In the government’s own words:
Under proposed changes, the HRTC is a non-refundable tax credit based on eligible expenditures incurred for work performed, or goods acquired, after January 27, 2009, and before February 1, 2010, under an agreement entered into after January 27, 2009. The HRTC can be claimed when filing your 2009 tax return.
The HRTC can be claimed for renovations and alterations of an enduring nature and that are integral to the eligible dwelling (such as your home or cottage) or the land that forms part of the eligible dwelling.
How is the HRTC calculated?
The 15% non-refundable tax credit can be claimed on eligible expenditures of more than $1,000 but not more than $10,000. The maximum tax credit that can be claimed to reduce your federal income tax is $1,350. However, if the total of your non-refundable tax credits is more than your federal income tax, you have no federal income tax to pay, and you will not receive a refund for the HRTC.
If you haven’t looked at how your ownership on Condominiums will benefit you come tax time, you should ask your accountant. More info from the The Toronto Star here:
Condo owners can claim a portion of improvements made to their building between Jan. 27, 2009 and Feb. 1, 2010, as long as they were at least partially responsible for paying for the upgrades.
Here’s how it works:
Assuming each condo owner pays a monthly fee to a condo corporation, repairs or renovations completed and paid for with that money should count toward the HRTC. The condo corporation is simply paying for these goods and services on behalf of all of the unit owners.
Condo corporations are unable to claim the credit because it is available only to individuals, so it’s up to each person to claim his or her portion.
Therefore, on their 2009 taxes, condo owners can claim the credit for renovations to their own unit – similar to what would be done in a detached home, for example – as well as their share of any renovations to common areas paid for by the condo corporation.
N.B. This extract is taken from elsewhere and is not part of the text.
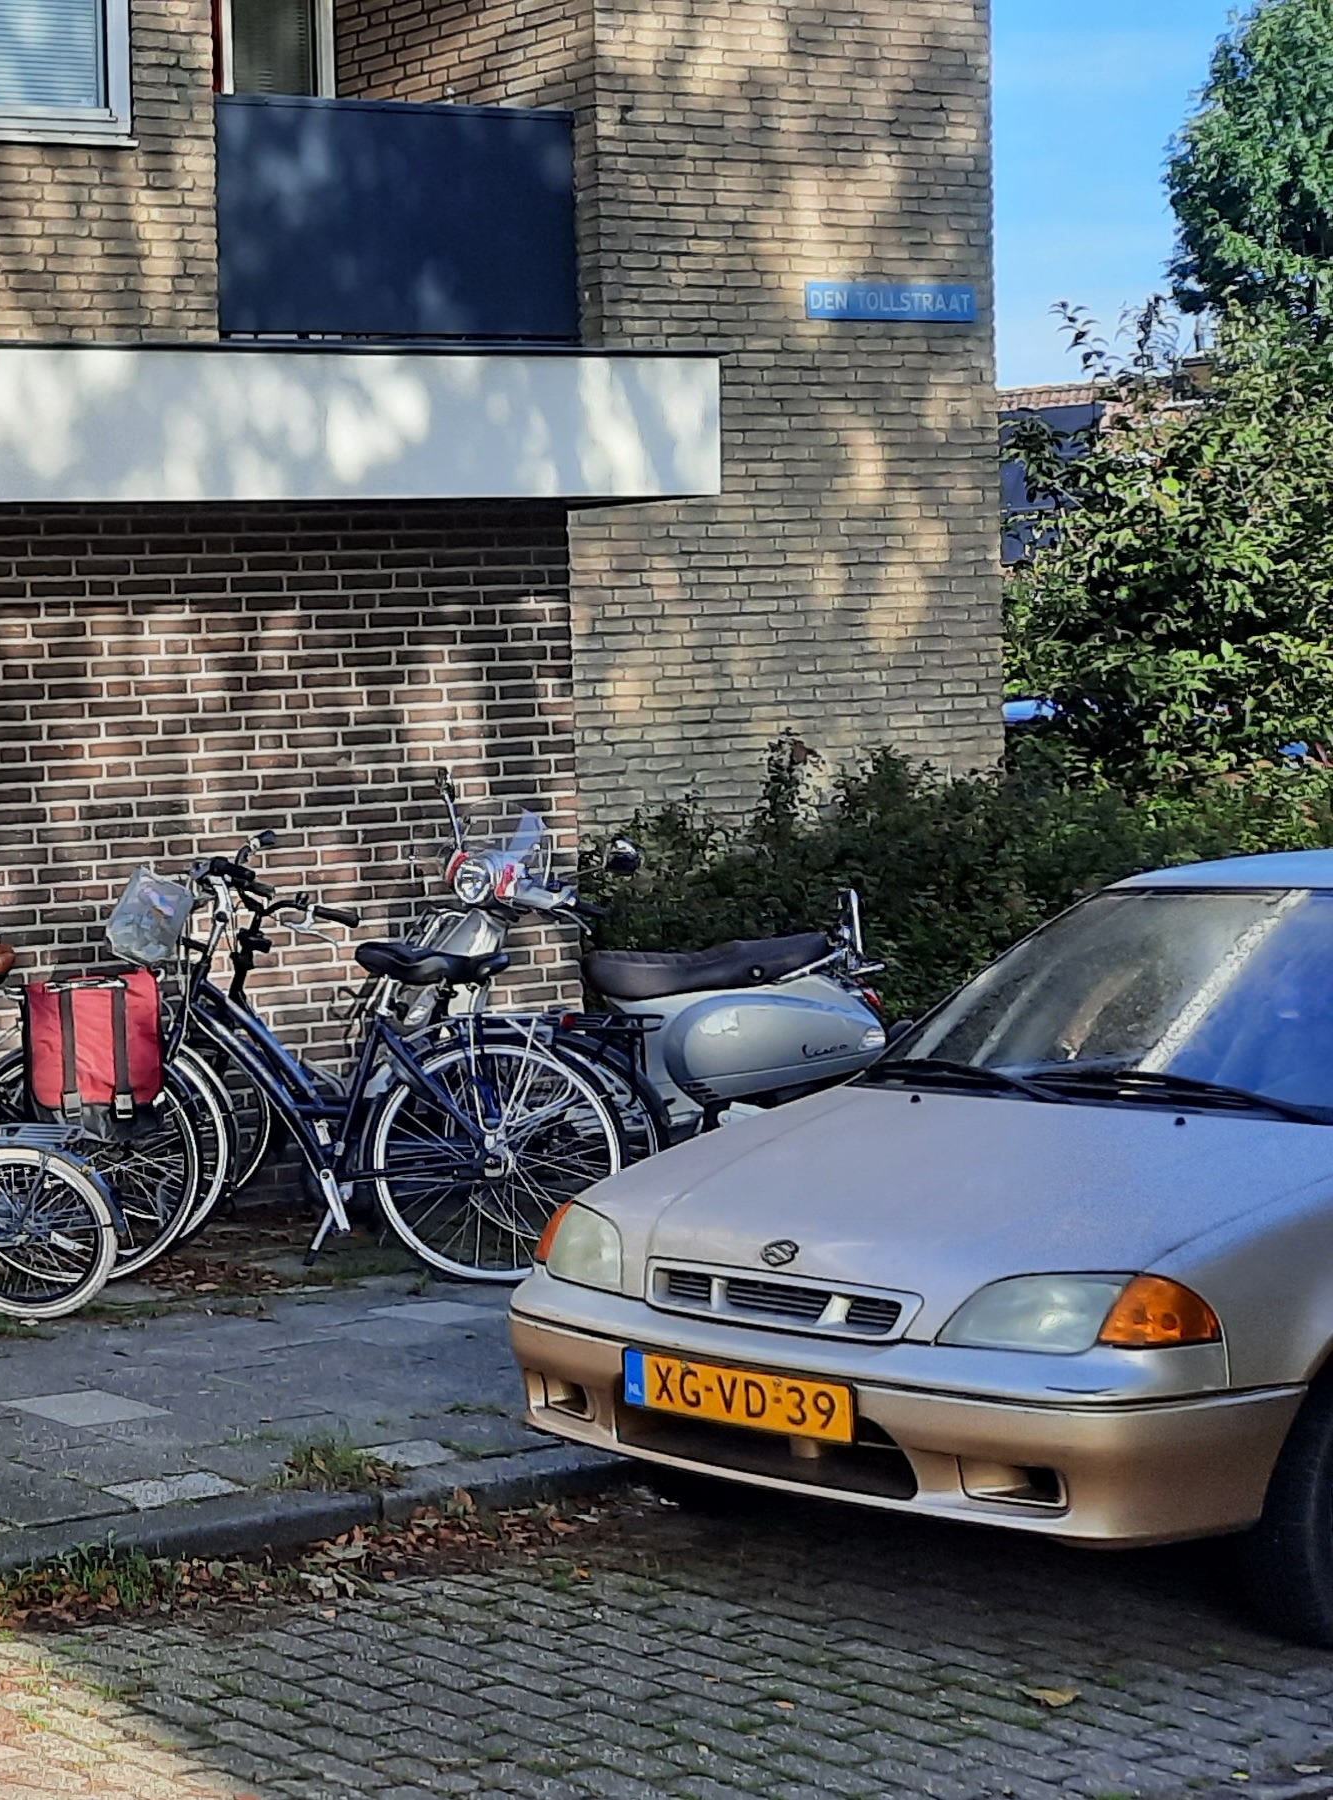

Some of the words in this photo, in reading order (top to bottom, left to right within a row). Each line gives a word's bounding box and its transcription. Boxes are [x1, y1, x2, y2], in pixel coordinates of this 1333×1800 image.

[809, 289, 848, 311] DEN
[858, 291, 971, 313] TOLLSTRAAT
[654, 1362, 837, 1430] XG-VD-39
This could include anything from new windows installed in your building to a redesigned lobby area or improved landscaping.
Add these shared costs with renovations you may have done to your individual unit (bathroom or kitchen upgrades, new fixtures, painting) and you could significantly increase your credit.
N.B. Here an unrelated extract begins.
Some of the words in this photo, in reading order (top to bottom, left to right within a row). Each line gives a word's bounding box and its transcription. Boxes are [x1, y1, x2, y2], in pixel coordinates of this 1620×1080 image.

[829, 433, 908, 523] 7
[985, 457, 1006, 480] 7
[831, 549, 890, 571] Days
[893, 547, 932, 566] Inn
Canada Revenue Agency guidelines for condo owners indicate that improvements made to common areas will qualify if:
– You own your unit. Renters are out of luck, even if they pay similar monthly fees.
– "The expenses would be eligible expenses if the common areas were treated as an eligible dwelling" – if new furniture wouldn’t count in a detached home, it won’t count in a condo either.
– Your condo corporation has notified you of your share of the expenses.
As a reminder, the tax credit applies to renovation costs over $1,000 and under $10,000, so if you spent a few hundred dollars on your own unit and the condo corporation spent a few hundred more on your behalf, that may be the difference between getting a return or not.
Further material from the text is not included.